Моя лучшая модель соответствия на основе результатов AIC:
mod8a<-glmer(ES.test~beach+method+(1|Year)+(1|index),data=y5,weights=egg.total,family=binomial)
Резюме показало:
summary(mod8a)#AIC=216732.9, same affect at every beach
Generalized linear mixed model fit by maximum likelihood (LaplaceApproximation) ['glmerMod']
Family: binomial ( logit )
Formula: ES.test ~ beach + method + (1 | Year) + (1 | index)
Data: y5
Weights: egg.total
AIC BIC logLik deviance df.resid
214834.2 214891.0 -107410.1 214820.2 24758
Scaled residuals:
Min 1Q Median 3Q Max
-1.92900 -0.09344 0.00957 0.14682 1.62327
Random effects:
Groups Name Variance Std.Dev.
index (Intercept) 1.6541 1.286
Year (Intercept) 0.6512 0.807
Number of obs: 24765, groups: index, 24765; Year, 19
Fixed effects:
Estimate Std.
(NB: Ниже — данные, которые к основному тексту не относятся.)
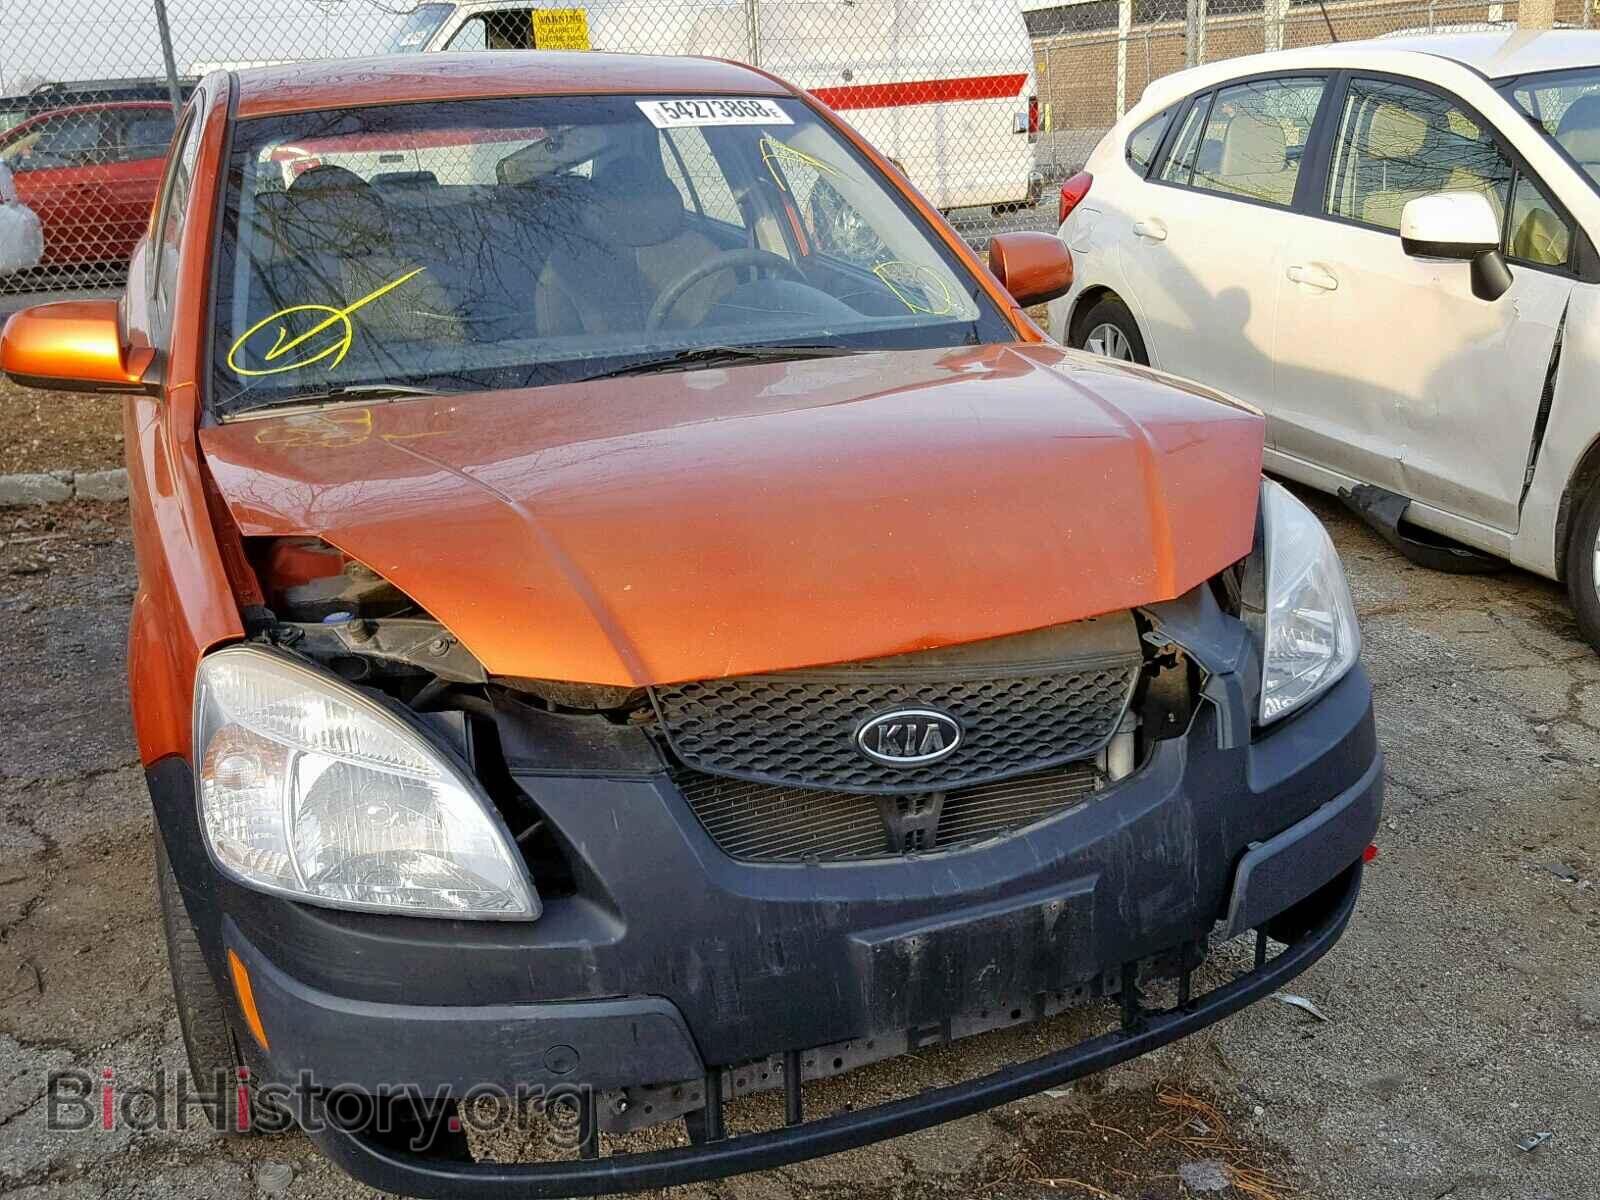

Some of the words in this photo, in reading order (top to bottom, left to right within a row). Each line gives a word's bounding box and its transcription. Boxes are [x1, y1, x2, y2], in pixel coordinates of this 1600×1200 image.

Error z value Pr(>|z|)
(Intercept) 0.65518 0.18646 3.514 0.000442 ***
beachHillsboro -0.06770 0.02143 -3.159 0.001583 **
beachHO/HA 0.31927 0.03716 8.591 < 2e-16 ***
methodHTL only 0.18106 0.02526 7.169 7.58e-13 ***
methodno clean 0.05989 0.03170 1.889 0.058853 .
---
Signif. codes: 0 ‘***’ 0.001 ‘**’ 0.01 ‘*’ 0.05 ‘.’ 0.1 ‘ ’ 1
Correlation of Fixed Effects:
(Intr) bchHll bHO/HA mtHTLo
beachHllsbr -0.002
beachHO/HA -0.054 0.047
mthdHTLonly -0.107 -0.242 0.355
methodnclen -0.084 -0.060 0.265 0.628
Что такое мой "перехват" (как видно выше)? Мне не хватает уровней фиксированных факторов, это потому, что R не может вычислить это?
Я проверил на Overdispersion:
overdisp_fun <- function(mod8a) {
+ ## number of variance parameters in
+ ## an n-by-n variance-covariance matrix
+ vpars <- function(m) {
+ nrow(m)*(nrow(m)+1)/2
+ }
+
+ model8a.df <- sum(sapply(VarCorr(mod8a),vpars))+length(fixef(mod8a))
+ rdf <- nrow(model.frame(mod8a))-model8a.df
+ rp <- residuals(mod8a,type="pearson")
+ Pearson.chisq <- sum(rp^2)
+ prat <- Pearson.chisq/rdf
+ pval <- pchisq(Pearson.chisq, df=rdf, lower.tail=FALSE)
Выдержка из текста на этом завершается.